Determination of the Greenhouse Gas Emissions from Spontaneous Combustion

Spontaneous combustion is a potentially large source of greenhouse gas emissions from open cut coal mines. ACARP has previously supported a number of projects designed to develop a methodology to estimate the scale of these emissions, and while these have advanced the understanding of the problem, there have been practical problems which have limited their general applicability. In the current project, an approach was trialled where stationary monitors were placed at sites in the Hunter Valley and the Bowen Basin and inverse modelling applied to estimate area-wide fluxes of CO₂ from mines affected by spontaneous combustion. In the Hunter Valley, flux estimates were also made by traversing an instrumented vehicle through the CO₂ plumes from spontaneous combustion and the results were compared to those from the stationary monitors.

Inverse modelling was used to estimate area-wide CO₂ emissions fluxes from both sites. In the Hunter Valley, the technique provided an estimate for the region studied that ranged from about 1040 to 1600 kt CO₂ y^-1. This compared well with the estimates obtained from direct plume measurements using traverse-based techniques of around 820 to 1600 kt CO₂ y^-1. While there is a large spread in these estimates they are less than those found in Project C9062 which were based on infrared thermography and a relationship between the surface temperature and emissions from spontaneous combustion. This may have been a result of the large uncertainty in the ground temperature-emission relationship used for the thermal thermography calculations but also the infrared data were taken more than five years previously to the data used in the inverse model and the traverse based estimates.

The model utilised a detailed seeding map, which in the Hunter, was provided by the airborne thermal imagery obtained as part of Project C9062. No thermal images were available for the Bowen Basin mine and the inverse modelling was initialised with areas of known self heating provided by mine site staff. The model was able to identify those regions noted by staff as well as regions not originally identified, such as coal stock piles. Estimated emissions from the Bowen Basin mine ranged from 200 to 320 kt CO₂ y^-1, a range considerably smaller than found for the area within the Hunter Valley.

In their study of emissions from spontaneous combustion, Day estimated the emissions of greenhouse gases from six open cut coal mines in the Hunter Valley and in the Bowen Basin. Their estimates were based on data made available by the mines and also data that had been developed during previous ACARP projects (see Carras et al, 2000, 2002). In the Day study the estimates of greenhouse gas emissions from spontaneous combustion are significantly smaller than the estimates from the current study, which are approximately five times larger than for the largest individual mine studied by Day. However, in the current work the estimate of emissions for the Hunter Valley is for a larger region than the individual mines considered by Day. Nevertheless the results of this study suggest that for mines where spontaneous combustion is and has been an issue the emissions may be very significant.  

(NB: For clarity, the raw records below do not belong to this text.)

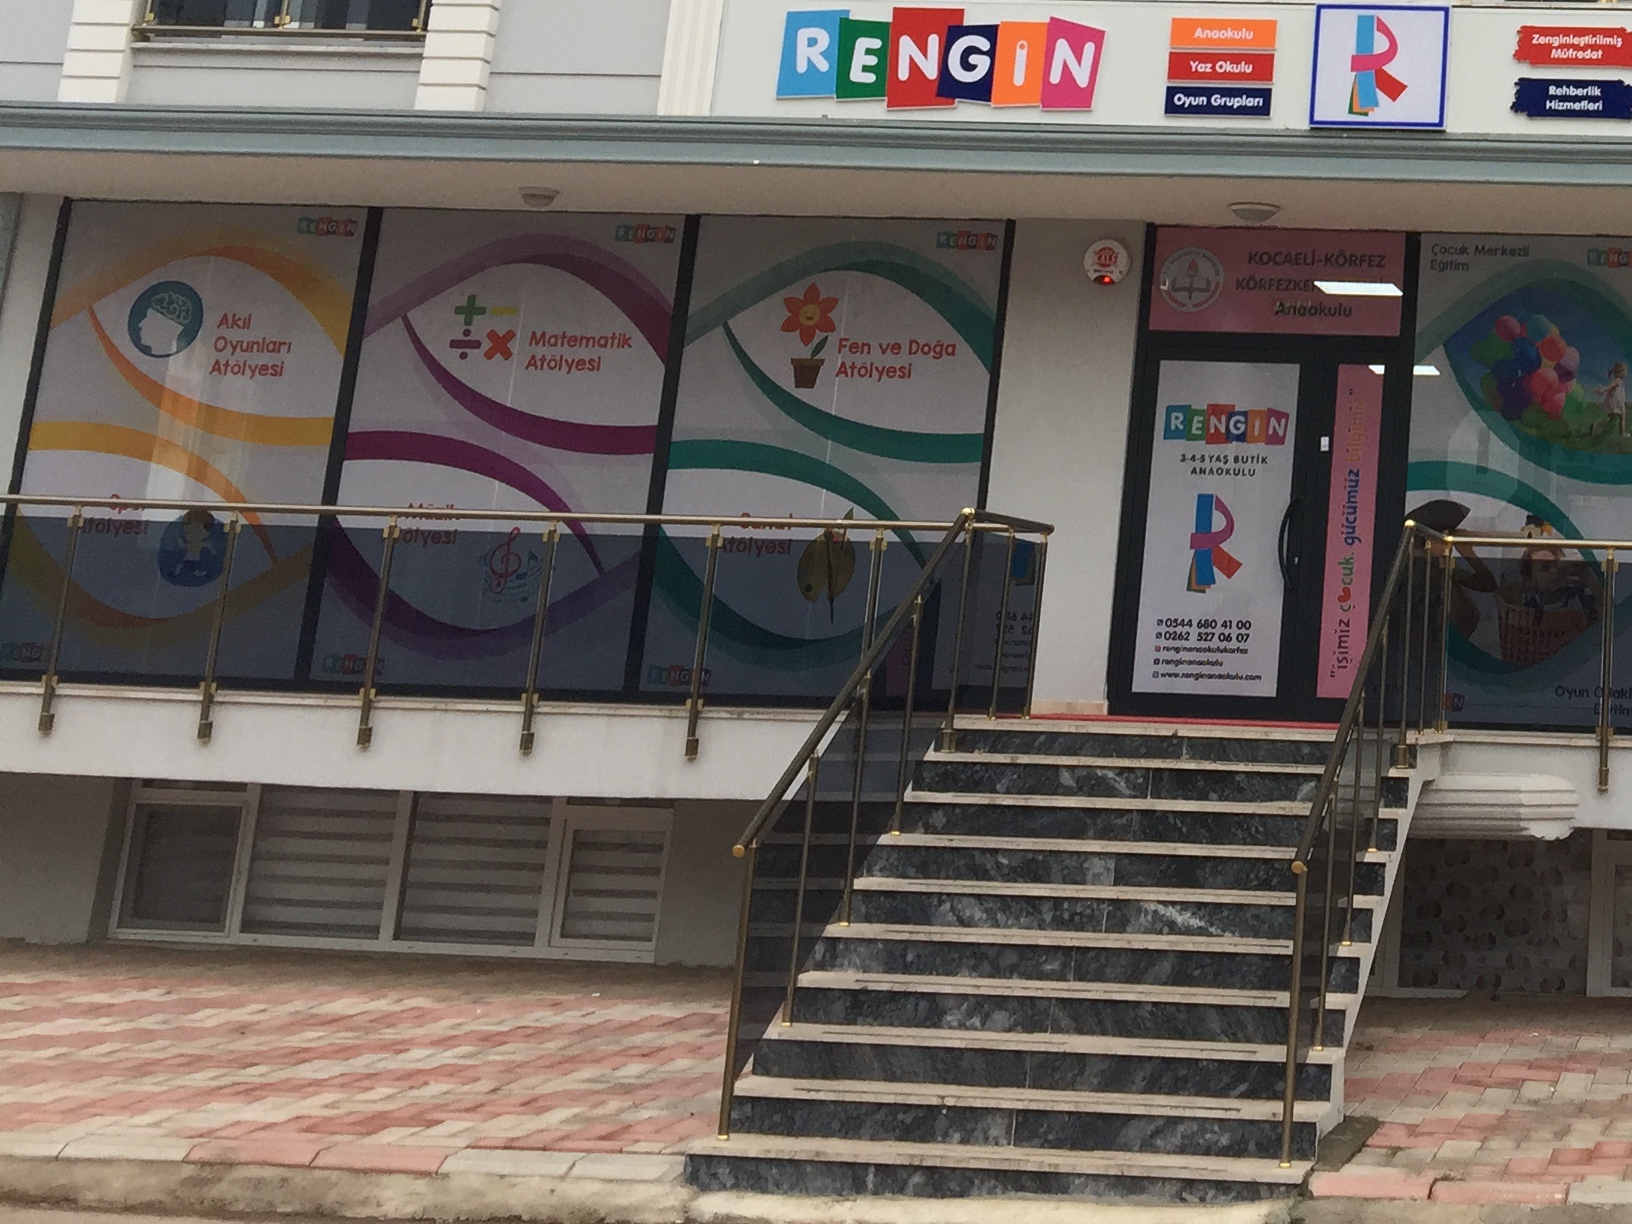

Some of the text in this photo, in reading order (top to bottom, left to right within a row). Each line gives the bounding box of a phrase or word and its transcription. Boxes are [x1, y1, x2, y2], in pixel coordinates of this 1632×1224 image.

[1194, 27, 1254, 40] Anaokulu
[1531, 33, 1623, 48] Zenginleştirilmiş
[1551, 47, 1603, 60] Müfredat
[1189, 60, 1253, 74] Yaz Okulu
[1548, 84, 1602, 97] Rehberlik
[1173, 93, 1264, 108] Oyun Grupları
[1546, 98, 1603, 112] Hizmetleri
[1430, 243, 1530, 257] Çocuk Merkezli
[1430, 258, 1470, 273] Eğitim
[1275, 301, 1353, 317] Anaokulu
[216, 312, 252, 330] Akıl
[213, 335, 292, 356] Oyunları
[528, 330, 633, 349] Matematik
[837, 337, 957, 360] Fen ve Doğa
[209, 359, 285, 380] Atölyesi
[524, 353, 602, 374] Atölyesi
[835, 361, 913, 382] Atölyesi
[1232, 453, 1269, 465] BUTİK
[1190, 466, 1257, 477] ANAOKULU
[1164, 617, 1252, 631] 0544 680 41 00
[1163, 630, 1250, 644] 0262 527 06 07
[1554, 685, 1590, 700] Oyun

Experience gained in this study suggests a number of recommendations to enhance estimates. These include:

• There are advantages to using a detailed seeding value for initialising the inverse model. Thermal imagery was found to be a suitable methodology for the Hunter Valley where the data were available from a previous ACARP study.
• Where possible, direct plume measurements provide a reasonable method for estimating area wide fluxes. For an accurate estimate the method requires an understanding of the mixing processes at the point of measure. Numerical models such as TAPM can provide an estimate of the mixing processes while a more accurate approach would involve simultaneous measurement of vertical profiles at a fixed location using, for example, a tethered balloon.
• Simultaneous measurement of other species (eg CO, SO₂, NO_X ) may provide a mechanism, through ratios, to distinguish emissions from self-heating from other sources such as diesel machinery.
• Stationary monitors require installation for long periods of time to ensure sufficient data sets are collected for modelling purposes. Six months of data were sufficient in the Hunter Valley region where a monitor was placed in a location directly downwind of the source in the predominant valley flows. In the Bowen Basin mine site however, a longer sampling period would have been more appropriate due to smaller regions of self-heating and a predominance of very light winds associated with elevated concentrations which cannot be modelled.

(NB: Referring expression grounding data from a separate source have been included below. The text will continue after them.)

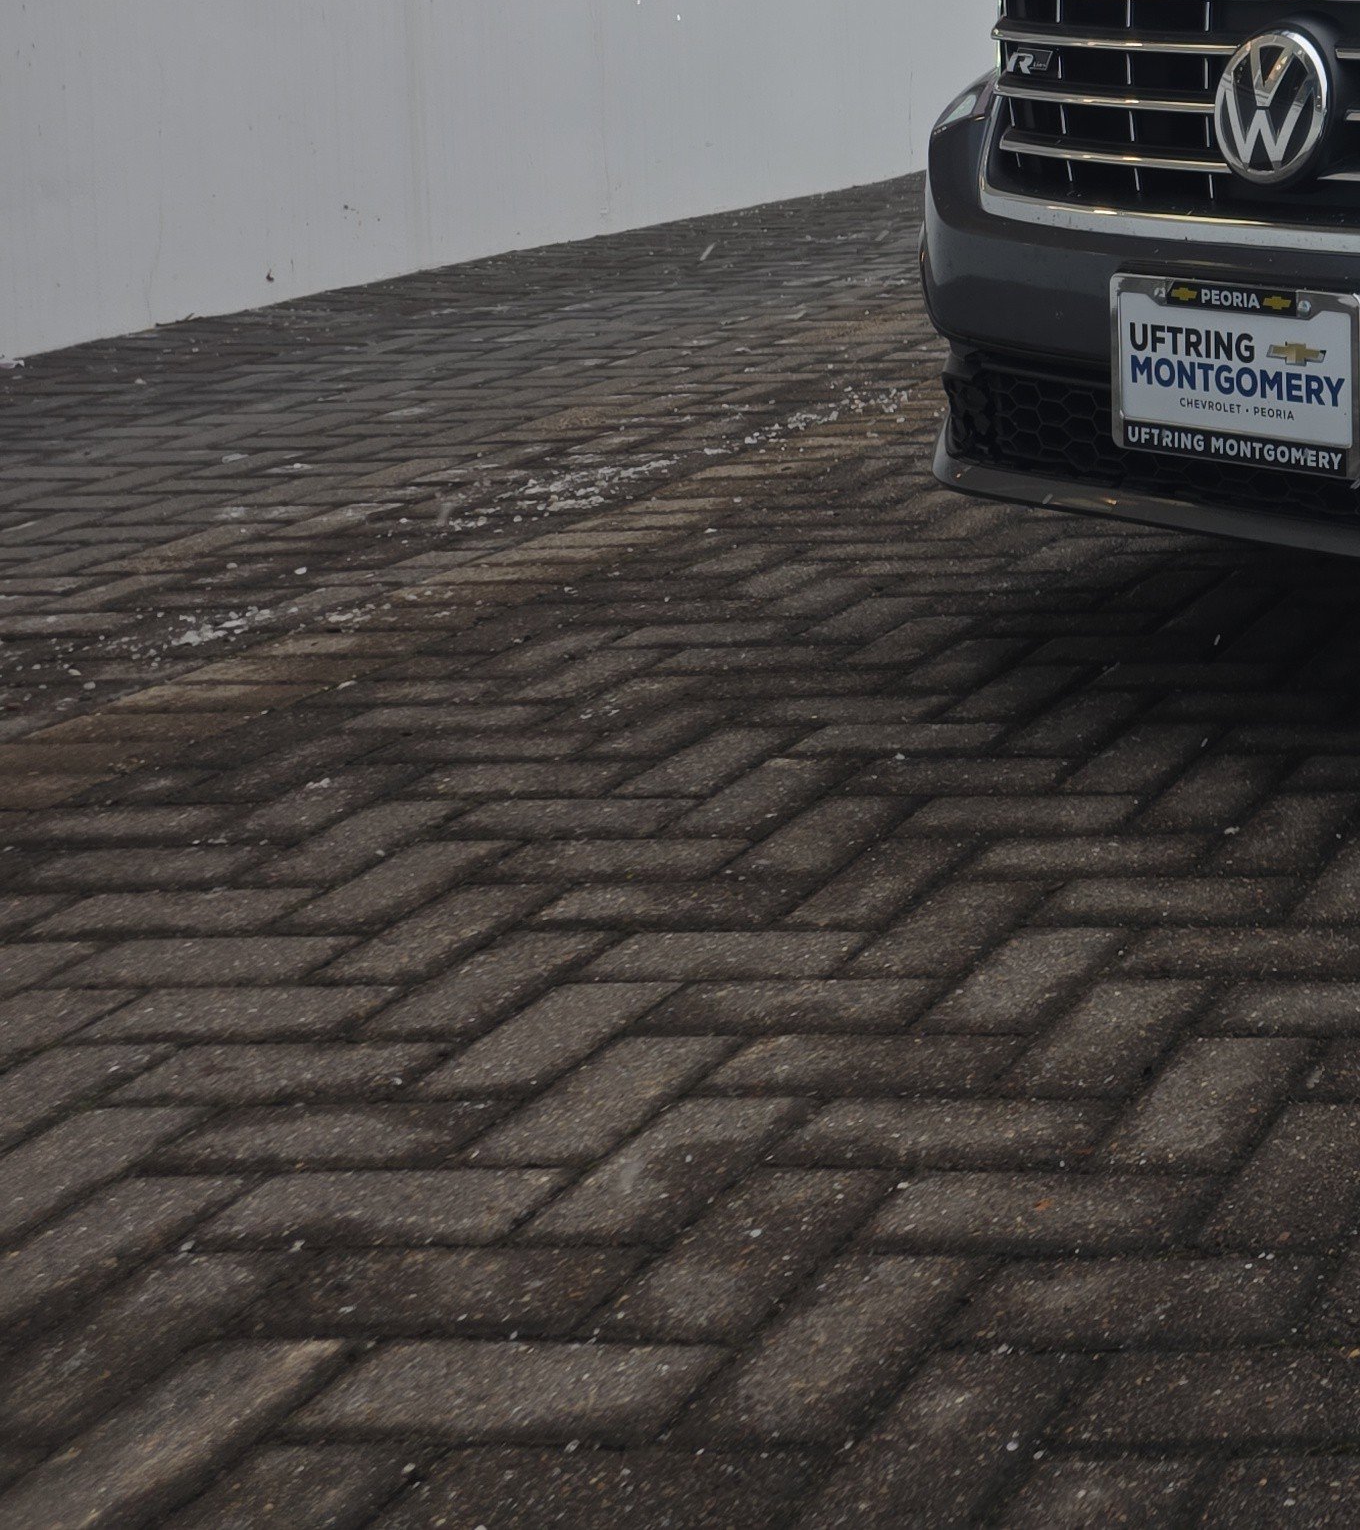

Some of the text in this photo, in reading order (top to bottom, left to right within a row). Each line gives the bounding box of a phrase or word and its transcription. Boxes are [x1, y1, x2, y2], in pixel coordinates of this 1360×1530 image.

[1201, 289, 1260, 309] PEORIA
[1130, 322, 1255, 364] UFTRING
[1130, 355, 1345, 407] MONTGOMERY
[1179, 397, 1295, 421] CHEVROLET PEORIA
[1127, 425, 1342, 470] UFTRING MONTGOMERY

All three methods used in this study showed significant overlap in the emissions estimated. However, all three methods require specialist knowledge and expertise for their implementation. Both the inverse method and the method based on plume traverses require specialist knowledge of air quality modelling, measurement of atmospheric gases and the interpretation of atmospheric field data. Such capability does not normally exist within coal mine staff. Use of these methods to estimate emissions from spontaneous would require the engagement of scientists and engineers with such specialist knowledge.

Finally, while the three methods used in this study have shown overlap there is still significant uncertainty associated with any single approach. Consequently the estimation of greenhouse gas emissions from spontaneous combustion still remains a difficult undertaking.